BACKGROUND OF THE INVENTION

The present invention relates to decoders, and more specifically, to a decoder for demodulating address information, installed within a data recording controller and used in, for example, recording control of a disc medium.

Recently, disc-type recording media, such as an optical disc, are becoming more popular. Such disc media include data recordable disc medium. For example, there are optical discs such as a Digital Versatile Disc+Recordable (DVD+R), and a Digital Versatile Disc+ReWritable (DVD+RW) (hereinafter referred collectively as DVD+R/RW).

An optical disc such as DVD+R/RW has a groove formed on a flat surface (land) thereof, and the groove forms a track. The groove is slightly meandered (wobbled), and a wobble signal (a signal in which the voltage changes in accordance with the meandering direction of the groove) having a predetermined cycle is extracted from such meandering. The wobble of the groove is formed so as to correspond to the data recording region set in accordance with a predetermined data length based on the recording format of the disk.

The DVD+R/RW has a data format in which 1 sector consists of 26 frames (93 bytes), and a recording format in which 93 cycles of the wobble signal is assigned to 2 frames. Furthermore, in the DVD+R/RW, an Address in Pregroove (ADIP) that can represent the physical positional information (address information) on the disc is produced by performing phase-modulation on a wobble component to modulate the phase of the wobble signal.

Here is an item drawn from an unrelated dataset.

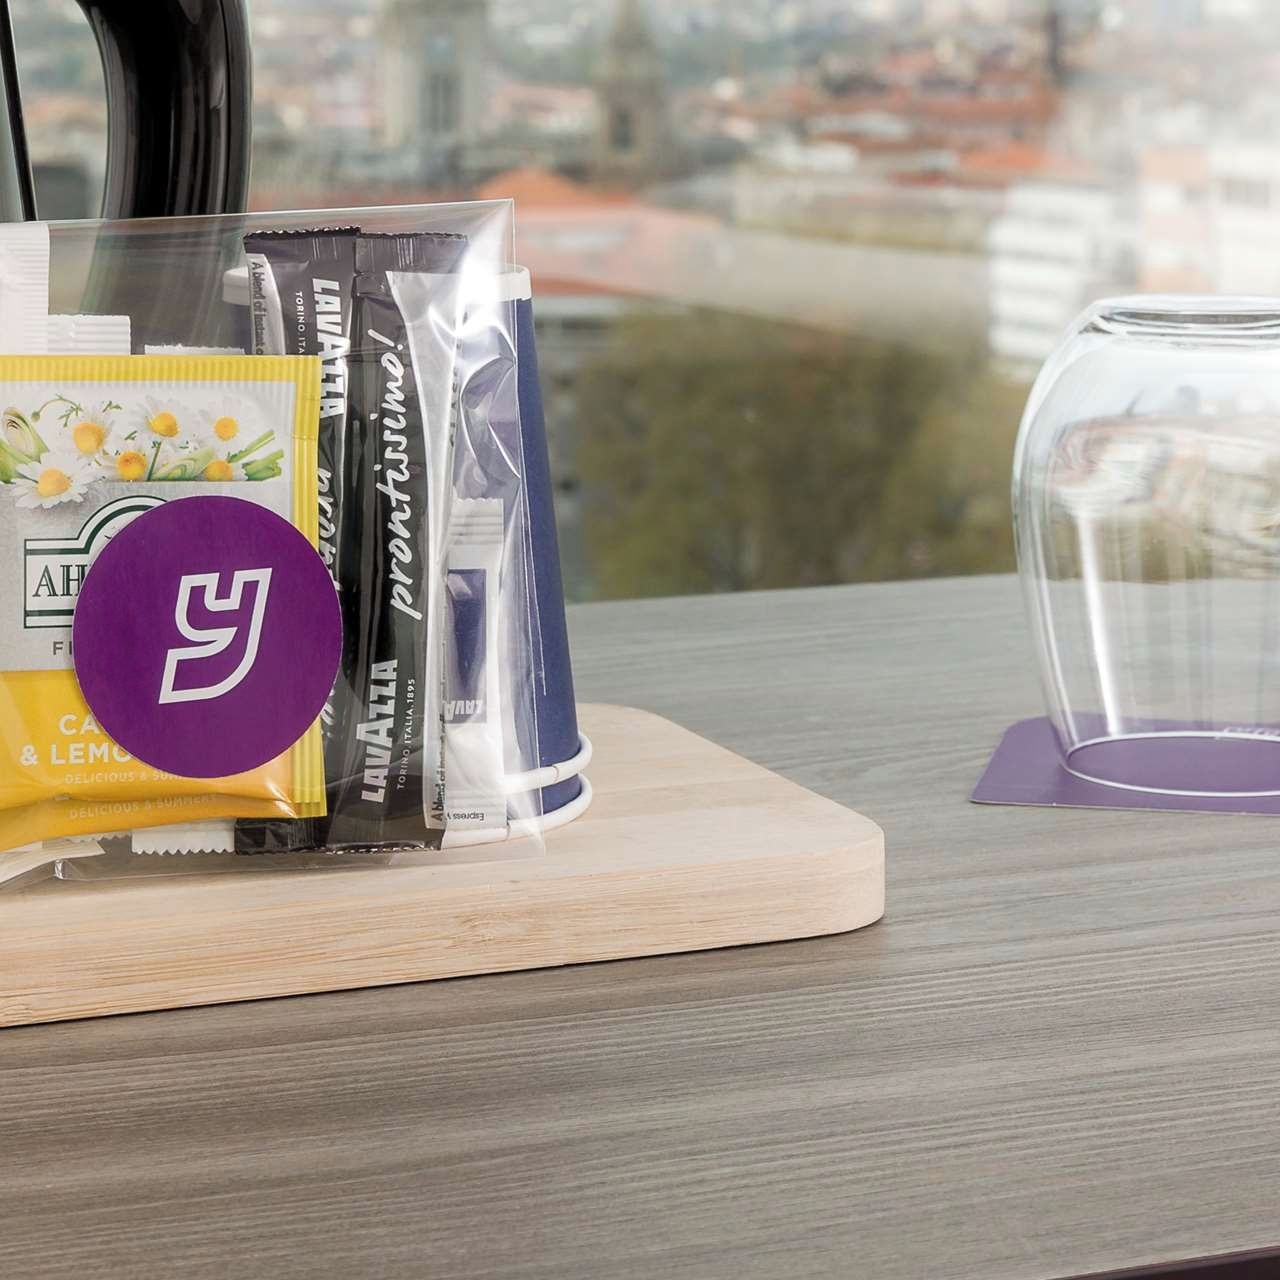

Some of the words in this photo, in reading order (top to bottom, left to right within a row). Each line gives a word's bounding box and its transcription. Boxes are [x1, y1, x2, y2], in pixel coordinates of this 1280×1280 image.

One ADIP is set for every 2 frames, and the ADIP is recorded by performing phase-modulation on the leading 8 cycles of the 93 cycles of the wobble signal. Therefore, the address information is superimposed on the leading 8 cycles of the wobble signal included in a reproduction signal from the disc medium. The address information is acquired by reading one sector of a reproduction signal, and then combining the ADIP included in the one sector. The position on the disc that the laser is tracing can be found using the address information.

FIGS. 1(a) to 1(c) are waveform charts showing one example of the reproduction signal A in which the phase of the wobble signal is modulated. For example, there are 3 types of phase-modulation patterns, one for SYNC (synchronization), one for a bit value of “0”, and another for a bit value of “1”. Each pattern of the ADIP for one sector is replaced with a corresponding value to generate the data representing the address information.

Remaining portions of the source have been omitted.